On Friday, the European Union announced that it had agreed to new laws for Big Tech, focusing on privacy and anti-competitive practices, under the proposed legislation dubbed the “Digital Markets Act” (DMA).
The DMA will affect tech companies with net worths of over $83 billion, in markets such as social networking, messaging, mobile operating systems, search engines, and browsers. Most of these companies are US-based; the likes of Meta, Alphabet, Amazon, and Apple.
The rules will prohibit Google from using “personal data for targeted advertising” without the consent of users. Since the DMA affects browsers, digital assistants, and search engines, Android will have to allow users to have alternatives like Firefox, DuckDuckGo, and Opera.
Perhaps the major blow to Apple is that it might be forced to allow third-party app stores and third-party payment systems for in-app purchases.
Like Google, Meta’s data-combining practices for targeted advertising will be restricted.

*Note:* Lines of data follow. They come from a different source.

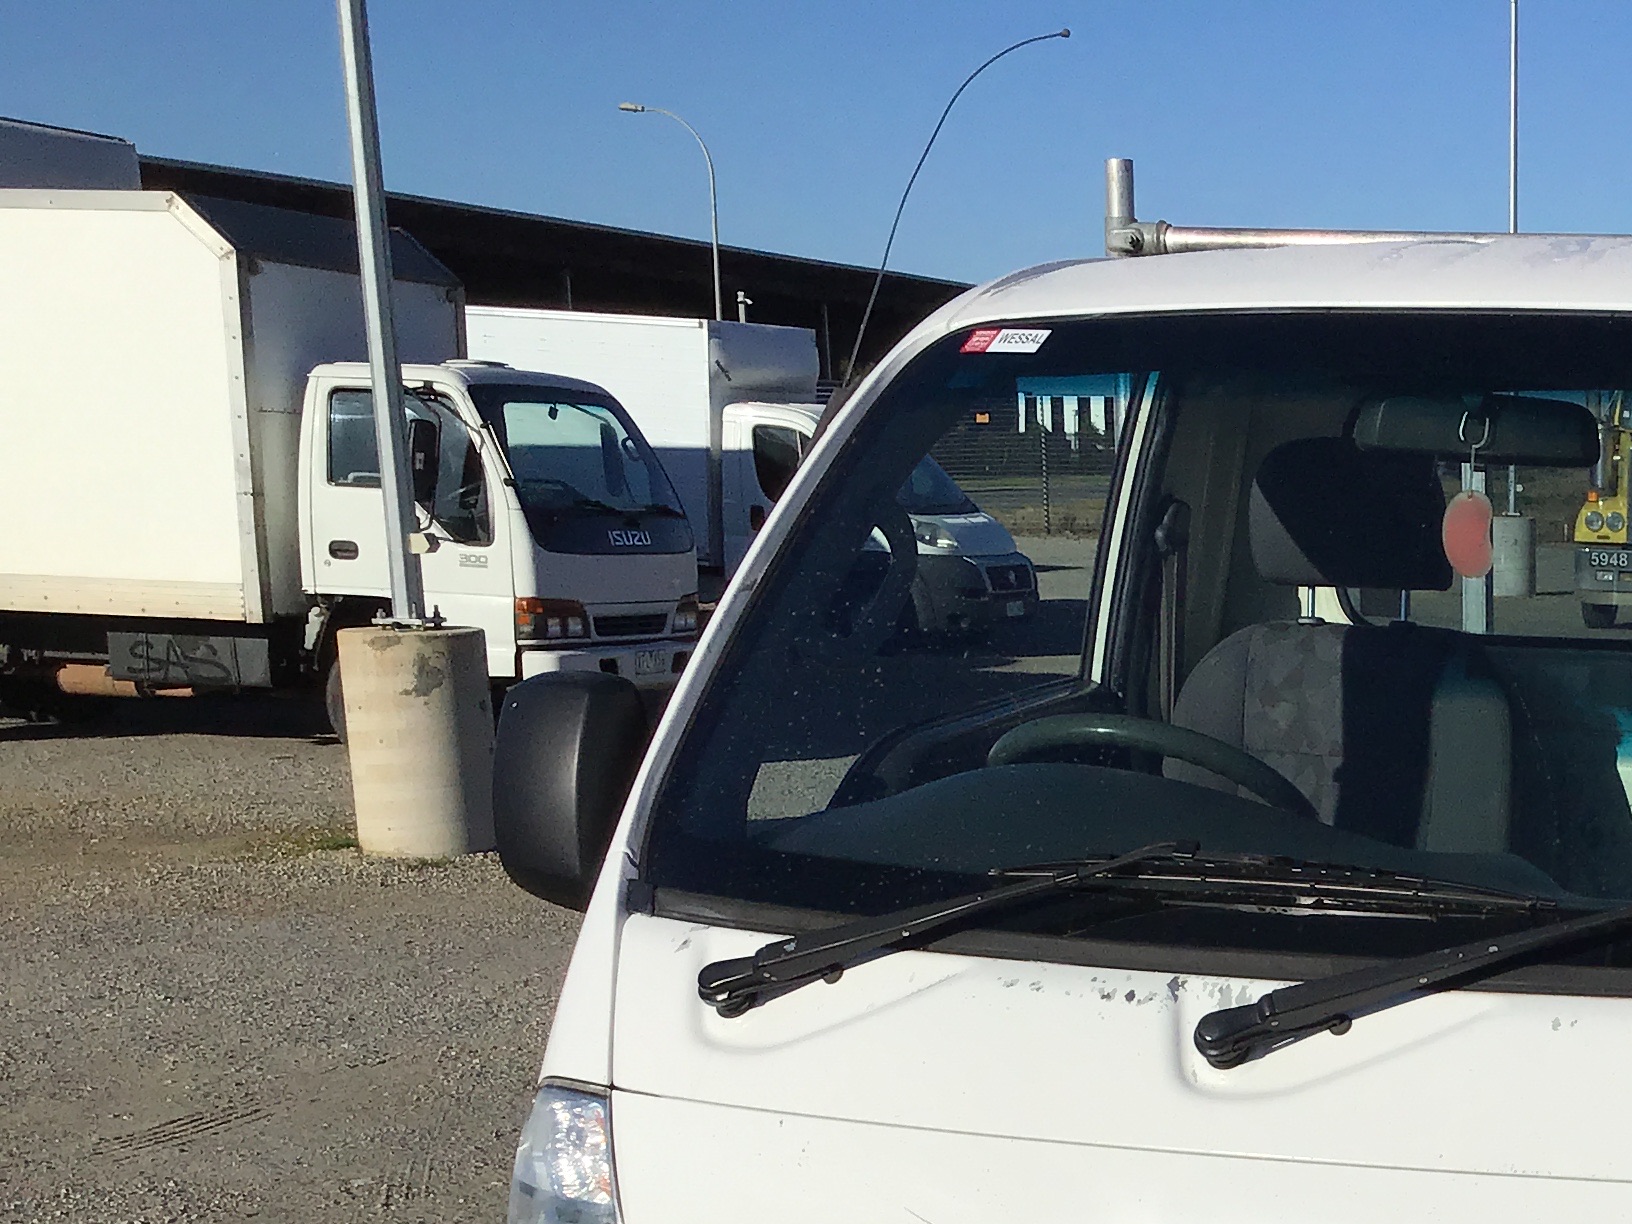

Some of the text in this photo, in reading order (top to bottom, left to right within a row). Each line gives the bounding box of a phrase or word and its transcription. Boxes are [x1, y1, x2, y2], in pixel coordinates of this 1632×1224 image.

[608, 530, 651, 546] ISUZU
[459, 554, 488, 564] 300
[1590, 552, 1628, 567] 5948
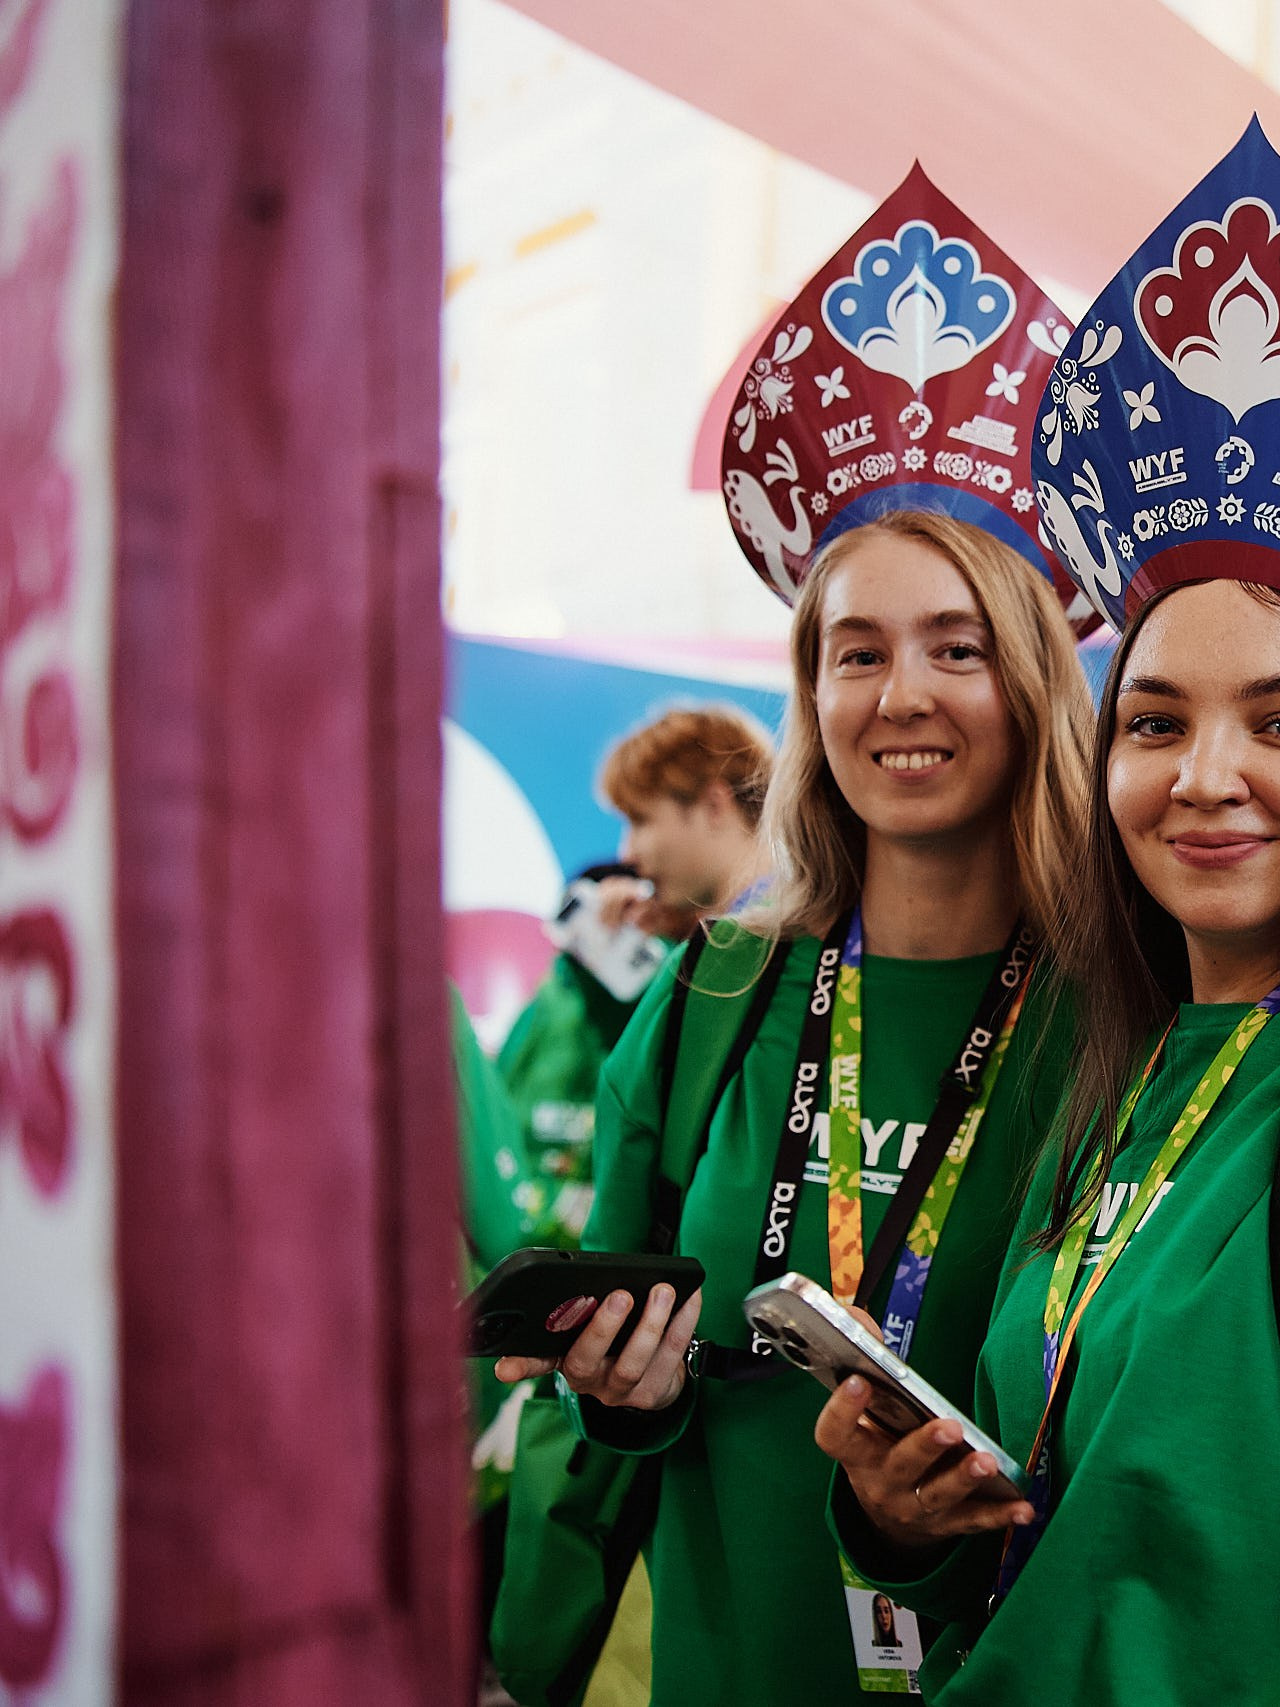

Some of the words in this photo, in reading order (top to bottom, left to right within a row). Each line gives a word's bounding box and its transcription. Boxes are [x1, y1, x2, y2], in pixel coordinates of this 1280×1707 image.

[821, 414, 872, 449] WYF
[1128, 447, 1184, 483] WYF
[839, 1055, 859, 1109] WYF
[884, 1312, 904, 1346] YF

eCommerce giant Amazon will not be allowed to favor its own products or use third-party sellers’ data to its advantage.
While some of the ideas seem favorable for protecting privacy and ensuring fair competition, some of the proposed demands of the legislation could actually hinder some privacy efforts. Apple’s iMessage and Meta’s WhatsApp will be forced to allow users to communicate with smaller competitors like Telegram and Signal, which could hinder efforts for end-to-end encryption in communication – depending on how the law is implemented.
Big Tech companies were unsuccessful in trying to lobby against the new rules, arguing that the rules were designed to advantage smaller competitors in Europe that are not as secure. They are worried because EU standards end up becoming the global standards.
European Commission President Ursula von der Leyen and President Biden also announced that they agreed to new standards for secure data flows between the US and the EU. Previous frameworks for data flows were hampered by US surveillance practices.